Pictures do not belong in the copy, so please give every entry below again exactly.

[Opening Source information section]

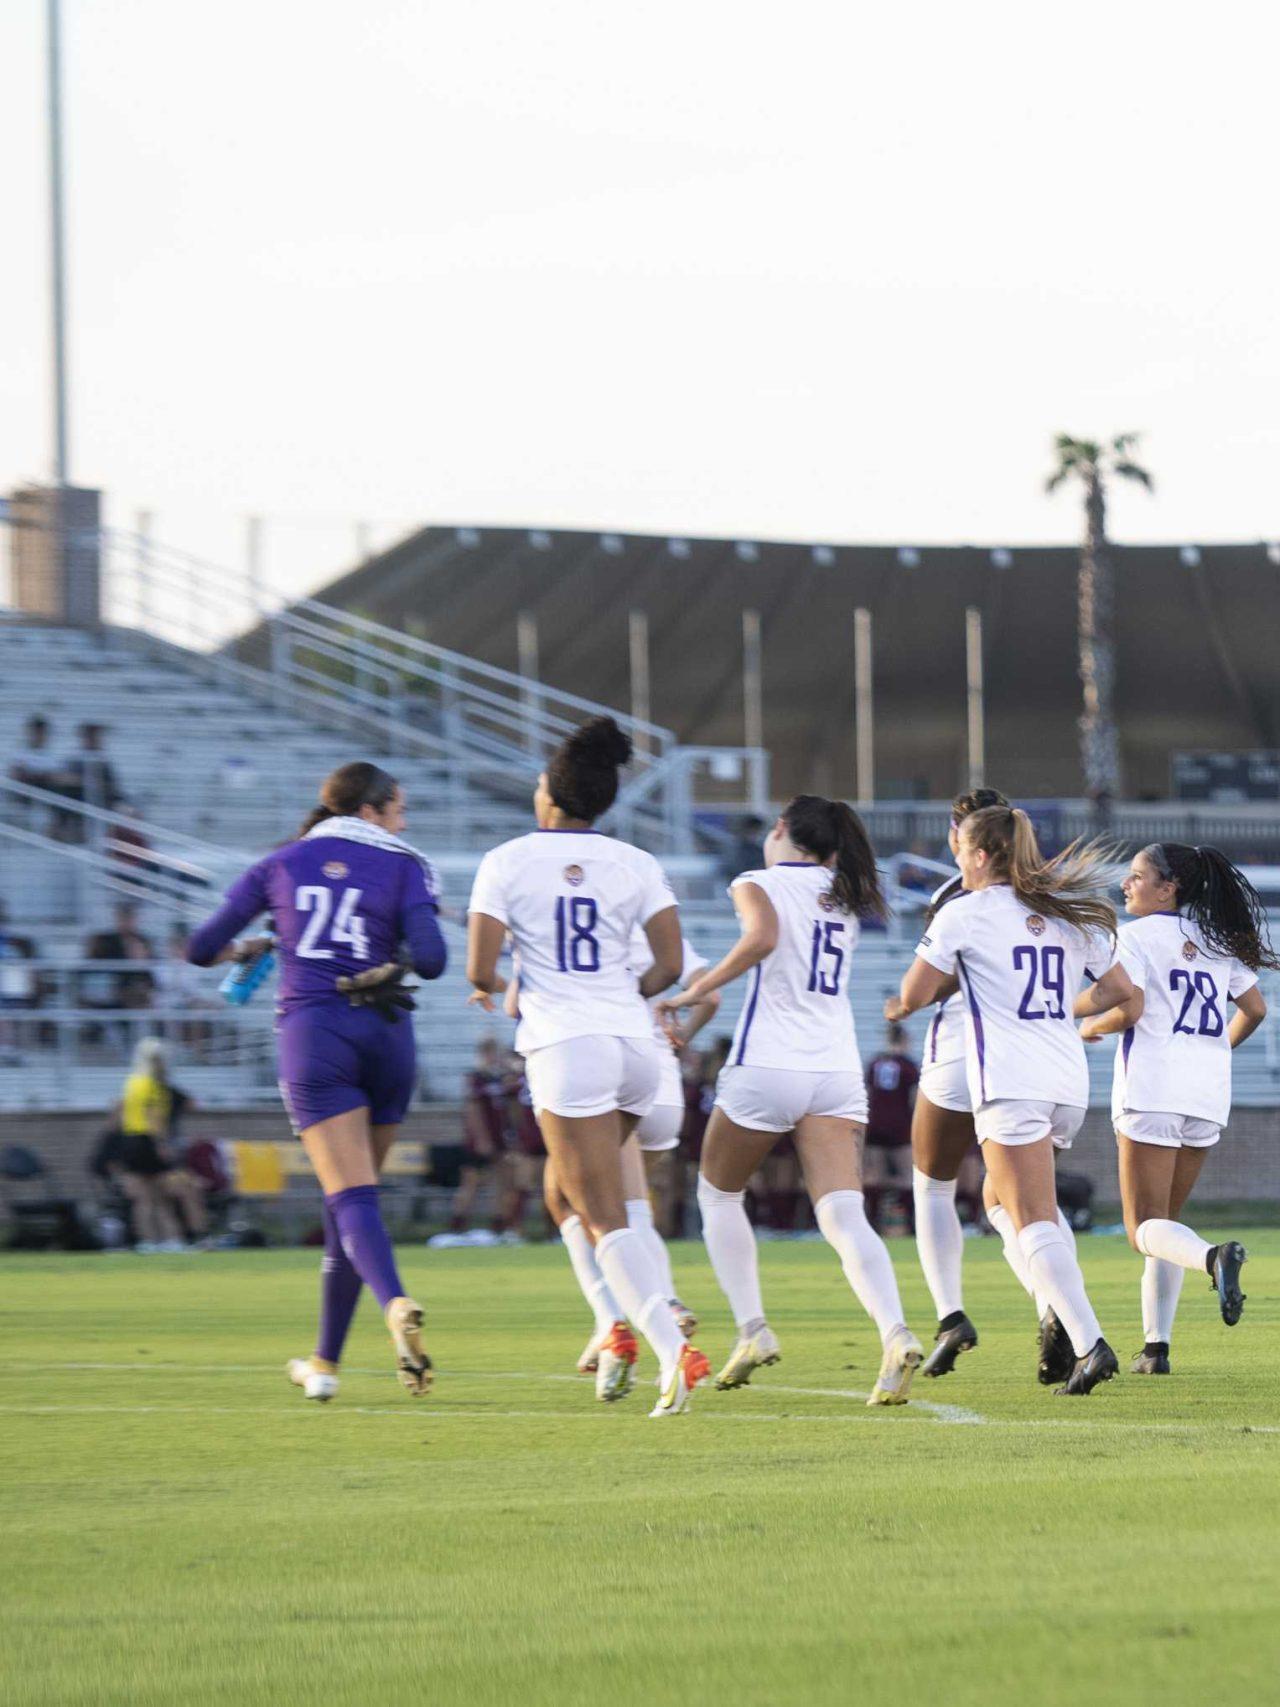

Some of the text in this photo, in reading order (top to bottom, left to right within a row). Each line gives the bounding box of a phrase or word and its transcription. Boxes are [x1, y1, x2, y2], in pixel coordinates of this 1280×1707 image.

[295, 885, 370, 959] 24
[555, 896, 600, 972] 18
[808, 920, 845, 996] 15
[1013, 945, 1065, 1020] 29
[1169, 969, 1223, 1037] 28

[Closing Source information section]

→ Result for this exercise:
Some of the text in this photo, in reading order (top to bottom, left to right within a row). Each line gives the bounding box of a phrase or word and its transcription. Boxes are [x1, y1, x2, y2], in pixel coordinates of this 1280×1707 image.

[295, 885, 370, 959] 24
[555, 896, 600, 972] 18
[808, 920, 845, 996] 15
[1013, 945, 1065, 1020] 29
[1169, 969, 1223, 1037] 28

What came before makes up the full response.